Activity: Leaving the pictures aside, repeat every line below exactly.

Input:
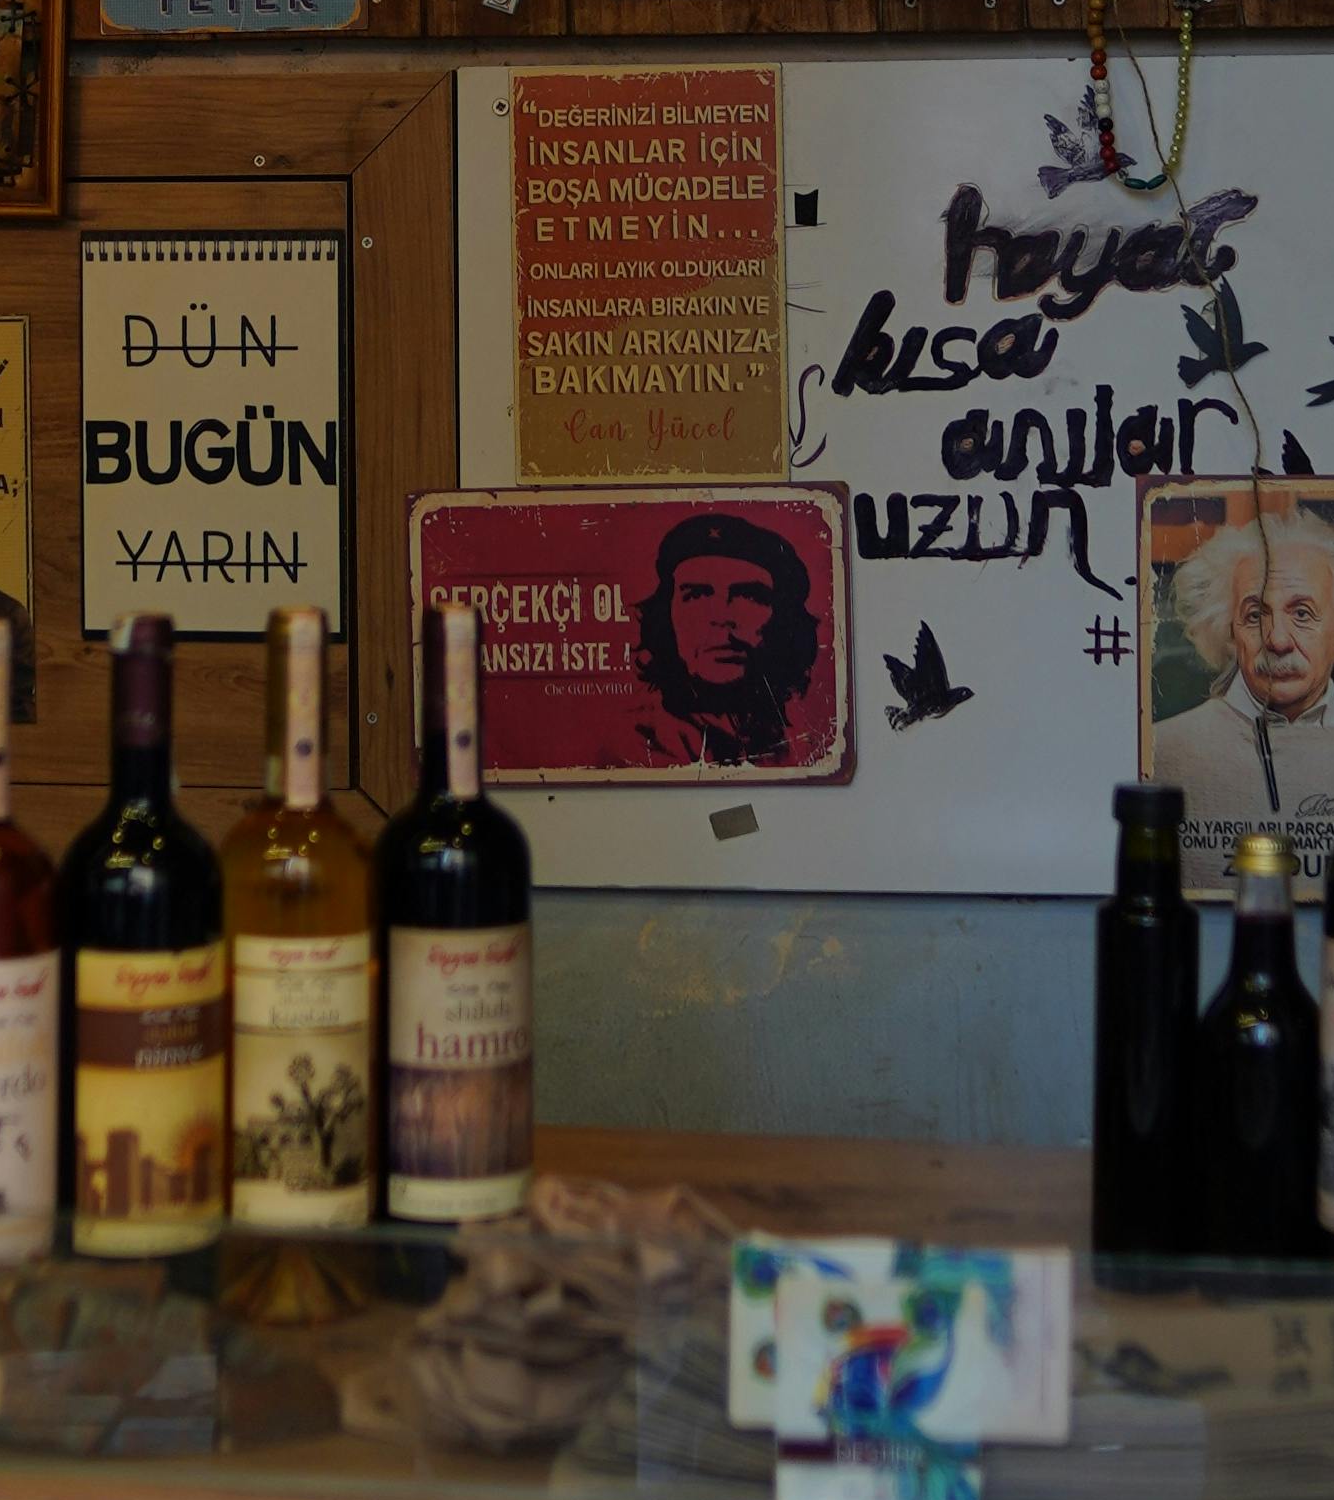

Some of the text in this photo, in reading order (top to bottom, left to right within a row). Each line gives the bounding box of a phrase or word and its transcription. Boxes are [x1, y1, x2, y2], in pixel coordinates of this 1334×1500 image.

[661, 101, 770, 126] BİLMEYEN
[526, 131, 763, 168] İNSANLAR İÇİN
[526, 173, 766, 208] BOŞA MÜCADELE
[534, 208, 760, 243] ETMEYİN...
[529, 257, 767, 281] ONLARI LAYIK OLDUKLARI
[527, 294, 770, 318] İNSANLARA BIRAKIN VE
[125, 303, 277, 369] DÜN
[526, 327, 771, 357] SAKIN ARKANIZA
[831, 290, 1059, 397] kısa
[532, 362, 765, 395] BAKMAYIN."
[85, 404, 338, 487] BUGÜN
[648, 406, 736, 451] Yücel
[941, 385, 1239, 487] anılar
[117, 529, 300, 584] YARIN
[593, 582, 631, 623] OL

Response to the exercise:
Some of the text in this photo, in reading order (top to bottom, left to right within a row). Each line gives the bounding box of a phrase or word and its transcription. Boxes are [x1, y1, x2, y2], in pixel coordinates of this 1334×1500 image.

[661, 101, 770, 126] BİLMEYEN
[526, 131, 763, 168] İNSANLAR İÇİN
[526, 173, 766, 208] BOŞA MÜCADELE
[534, 208, 760, 243] ETMEYİN...
[529, 257, 767, 281] ONLARI LAYIK OLDUKLARI
[527, 294, 770, 318] İNSANLARA BIRAKIN VE
[125, 303, 277, 369] DÜN
[526, 327, 771, 357] SAKIN ARKANIZA
[831, 290, 1059, 397] kısa
[532, 362, 765, 395] BAKMAYIN."
[85, 404, 338, 487] BUGÜN
[648, 406, 736, 451] Yücel
[941, 385, 1239, 487] anılar
[117, 529, 300, 584] YARIN
[593, 582, 631, 623] OL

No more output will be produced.